Por fin, una noche el fuego de la curiosidad se avivó y, no les siendo posible seguir dominando sus anhelos, calzaron sus zapatos y, sigilosamente, salieron del castillo, iluminadas por una antorcha; descendieron por la suave y solitaria ladera del montículo en que se alzaba la noble morada y marcharon tras el perro hasta llegar a una encrucijada, en un robledal, junto a un manantial. Aquellas aguas se juntaban en una fuente, en cuya piedra había mandado el noble de Vidiago tallar un banco para descanso de los peregrinos. De pronto, ante ellas, con una potencia misteriosa, se eleva en el aire una tromba de agua entremezclada en blanquecina espuma, seguida de enorme y lastimero trueno. La antorcha se apagó y las dos jóvenes, como queriendo ahuyentar el pánico, se abrazaron, deshaciéndose en lágrimas.

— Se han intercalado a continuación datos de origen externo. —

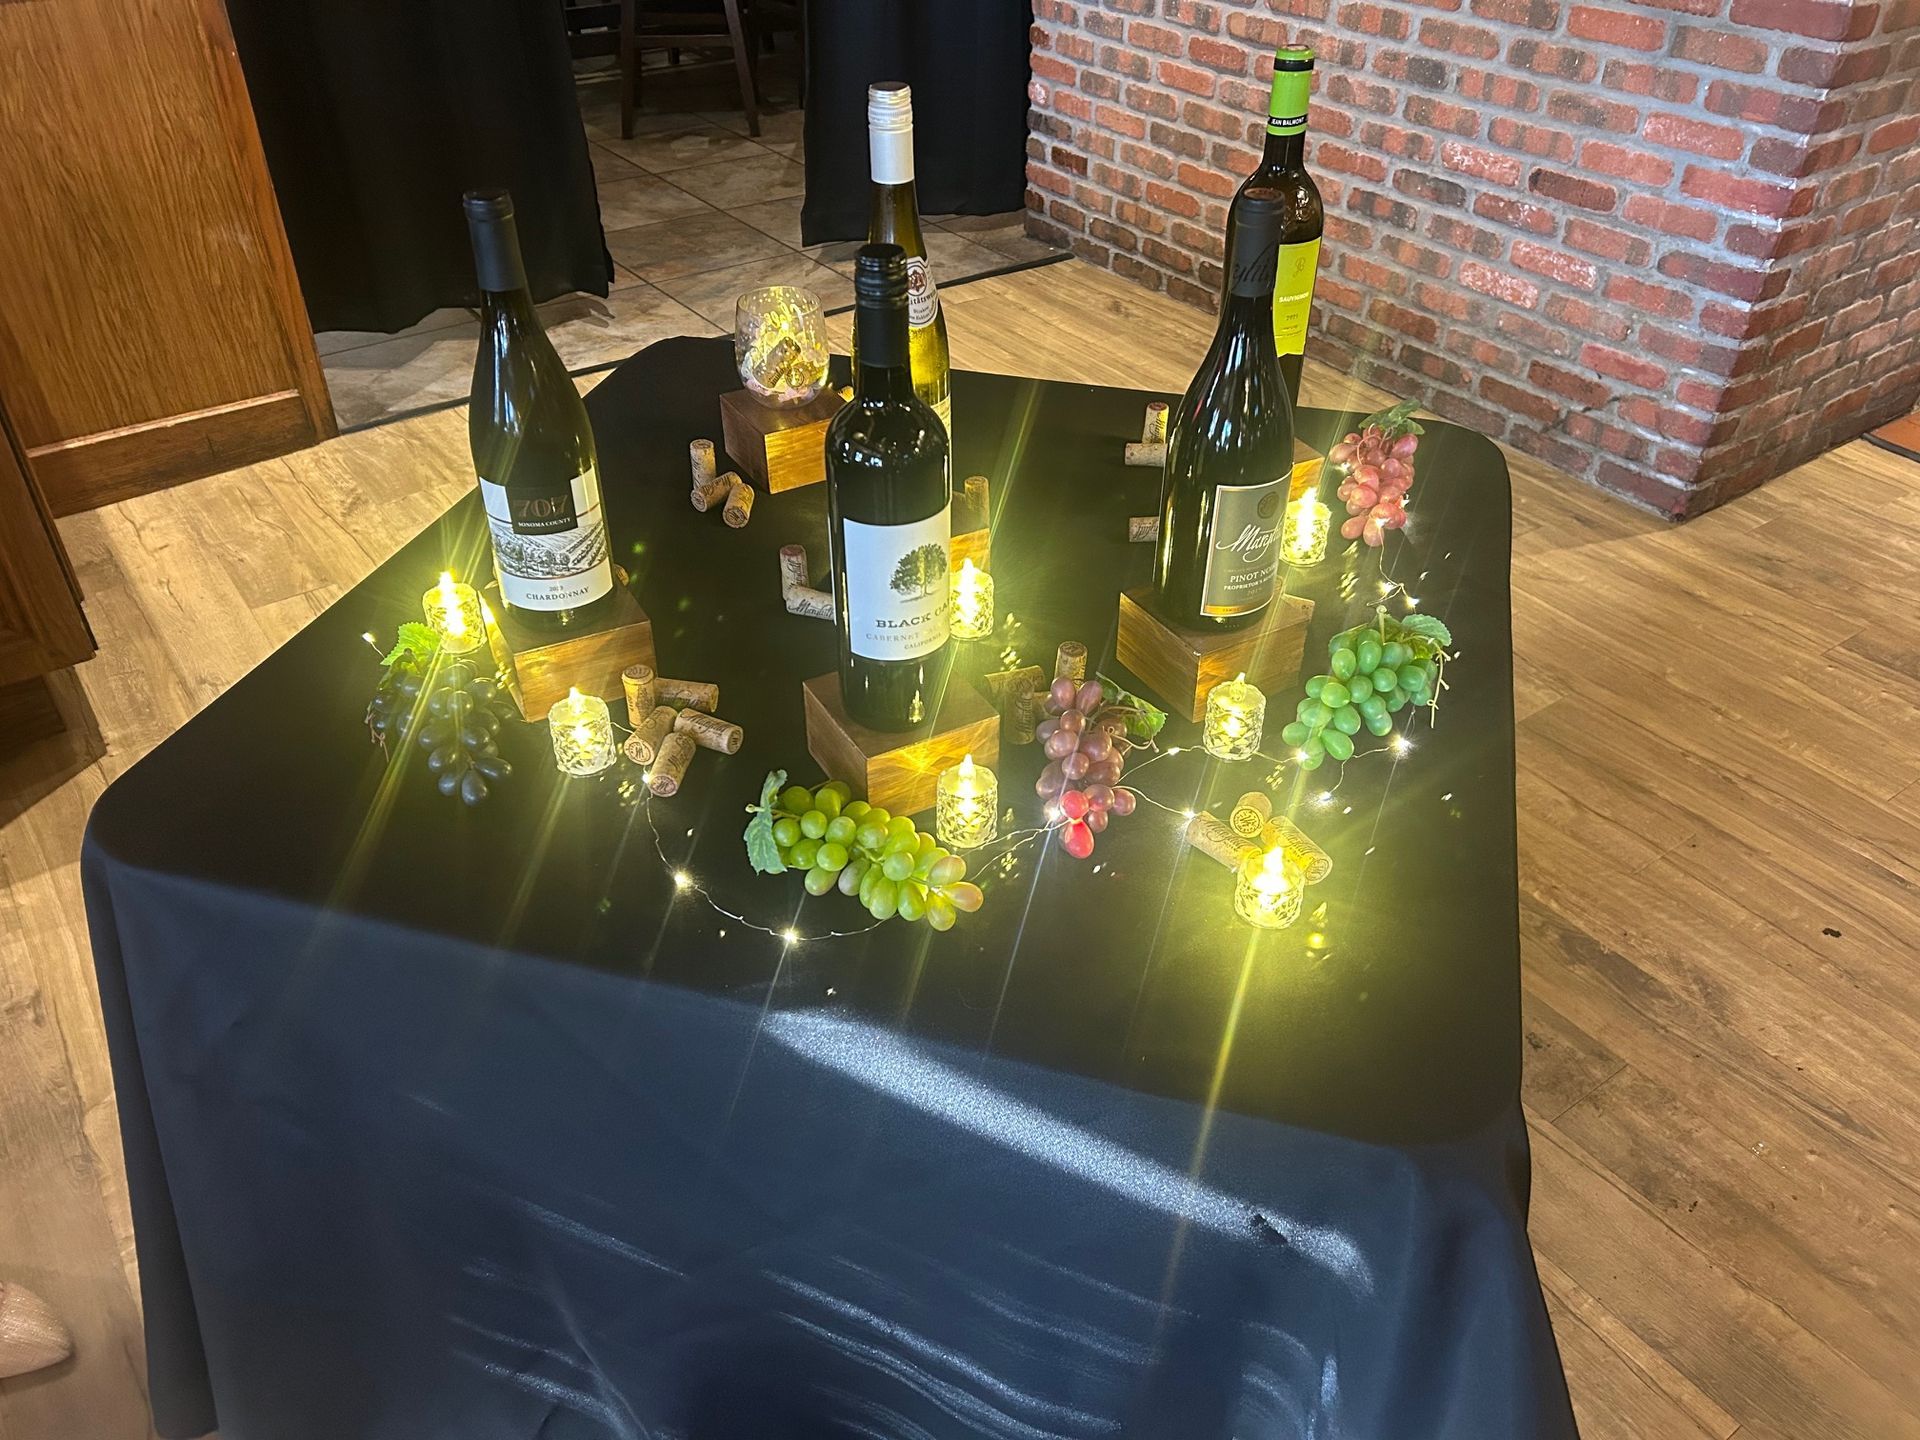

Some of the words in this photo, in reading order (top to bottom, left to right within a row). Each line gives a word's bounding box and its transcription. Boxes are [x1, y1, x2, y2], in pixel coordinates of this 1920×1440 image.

[1271, 118, 1282, 126] JEAN
[1283, 116, 1305, 126] BALMONT
[513, 494, 569, 518] 707
[545, 517, 571, 527] COUNTY
[1230, 571, 1260, 583] PINOT
[526, 586, 590, 601] CHARDONNAY
[875, 613, 932, 629] BLACK
[865, 632, 920, 642] CABERNET
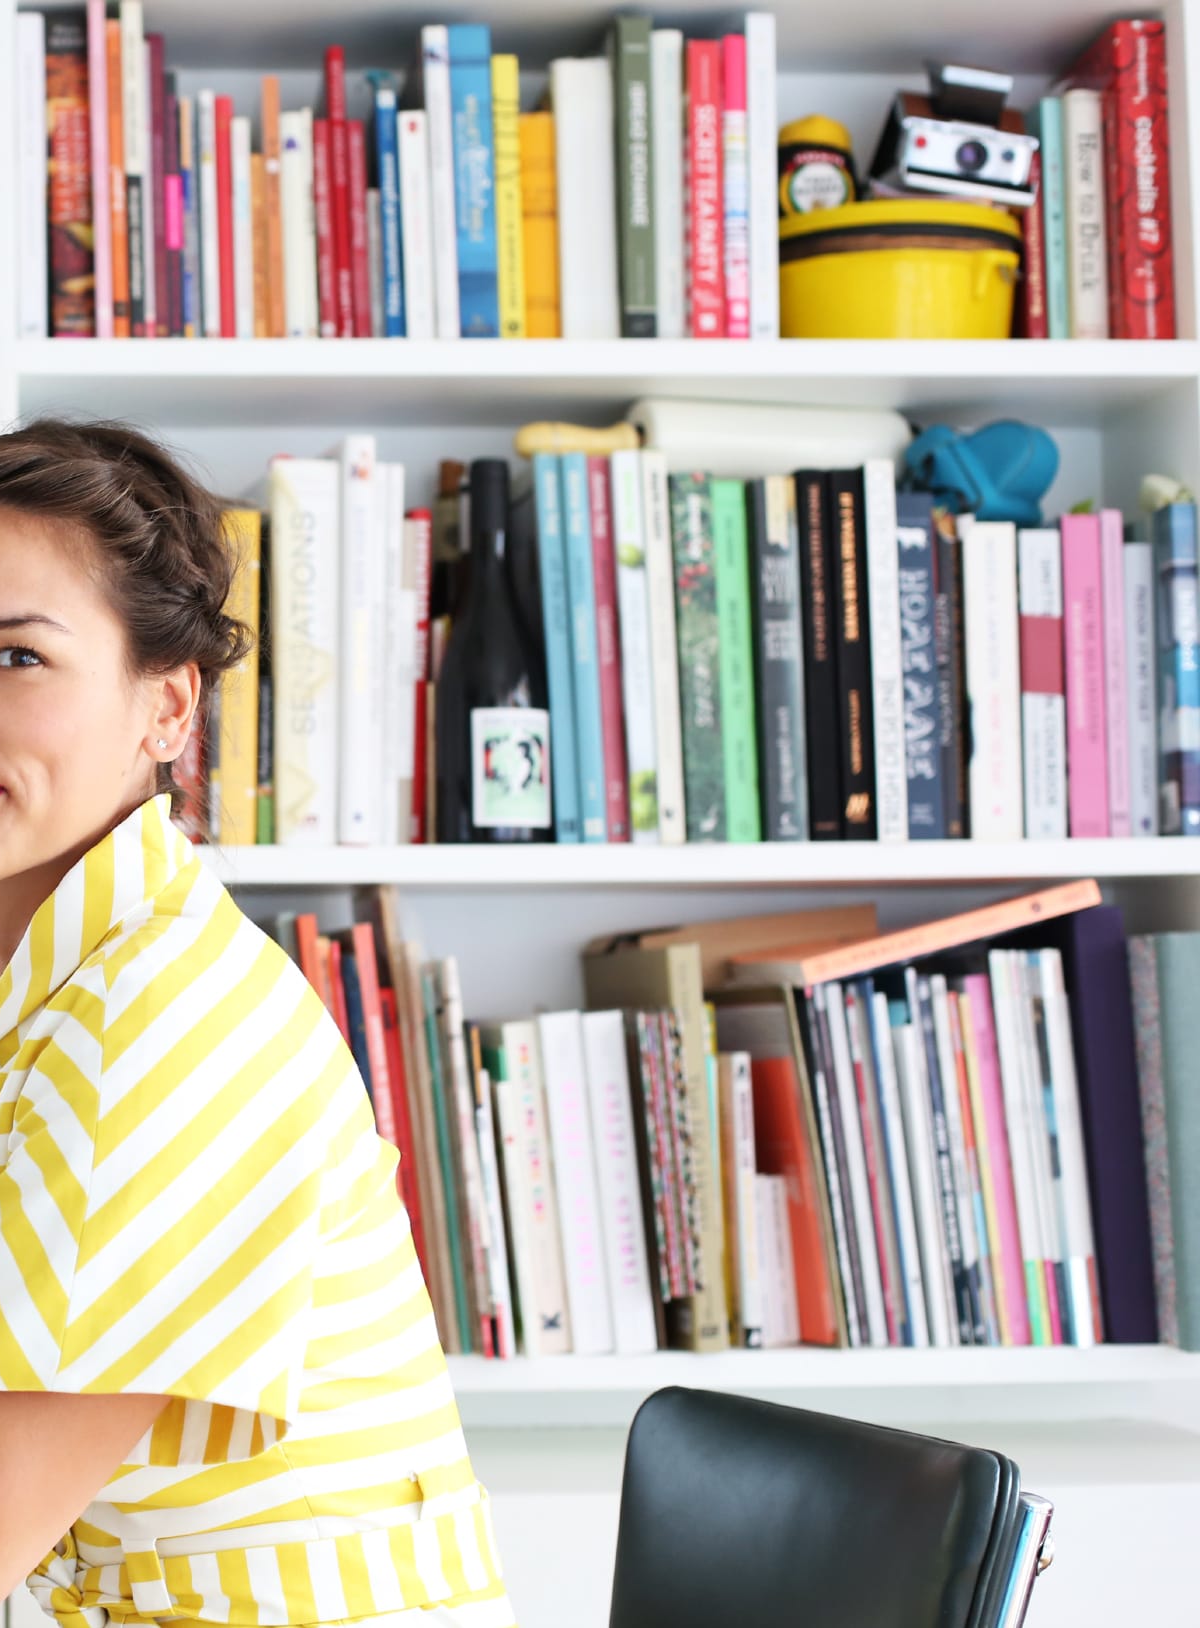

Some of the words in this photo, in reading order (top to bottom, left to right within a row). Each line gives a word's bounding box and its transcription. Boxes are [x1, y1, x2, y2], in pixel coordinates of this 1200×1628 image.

[1080, 132, 1098, 183] How
[1135, 116, 1157, 212] cocktails
[1081, 194, 1097, 216] to
[1139, 217, 1158, 245] #7
[1081, 223, 1100, 291] Drink
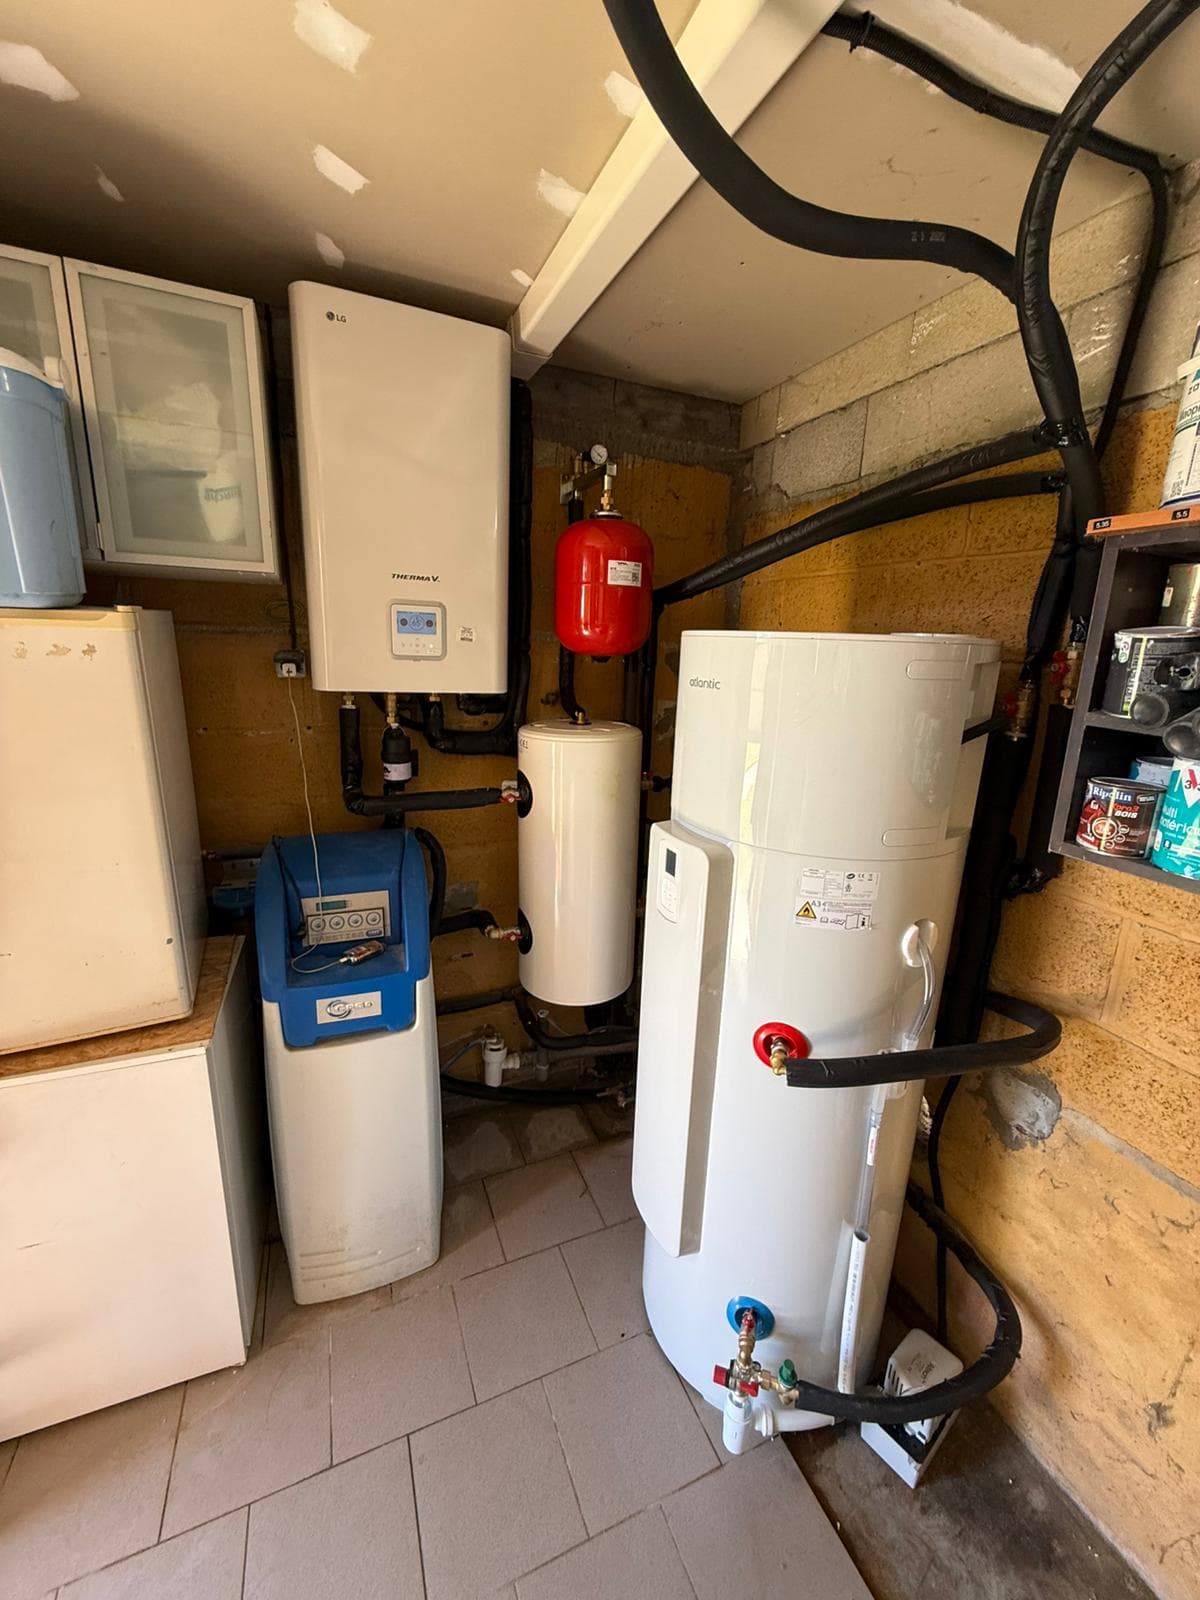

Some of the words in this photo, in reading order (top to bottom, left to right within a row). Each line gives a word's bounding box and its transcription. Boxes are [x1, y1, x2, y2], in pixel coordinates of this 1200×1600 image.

Una música suave, como de laúd, las despertó de su desconcierto. La doncella rubia, grácil y de serenos ojos azules, latiéndole en desorden el corazón, sólo acertó a escuchar:

«Señora, soy vuestro cautivo,
que vos preso me lenedes,
que por vos muero e por vos vivo,
fazed, pues, lo que queredes».

Con la música habían cesado los ruidos. Asomaba ya el sol del nuevo día cuando la doncella, sola, erguida, mirando atentamente en su derredor, avanzando por el sendero fue a encontrar al gentil trovero. Sin perder detalle de la varonil aparición, la joven mantenía en ella la mirada de sus cálidos ojos. Tras el respetuoso saludo, sin dejar de mirarse, los dos jóvenes se abandonaron en sabrosa plática. El trovero no apartó la vista de la belleza de la doncella, quien a su vez hizo lo mismo y no dejó de admirar al joven, que representaba una considerable parte del mundo con la que desde tanto tiempo había soñado en secreto. Habla nacido el amor.
Pero, de súbito, bajó avergonzada la mirada: a sus oídos habían llegado los ruidos de la mesnada del castillo. El castellano de Vidiago sorprendió la escena y furioso se arrojó sobre los enamorados. Los dos cuerpos son lanzados a una ahoyadura con salida a la mar, por donde emergían los ruidos que la fuerza expansiva del aire producía.
Aseguran los viejos del lugar que en las noches en que suena el «Bufón», entremezclados con los truenos, se oyen lamentos de madre y suspiros de amor.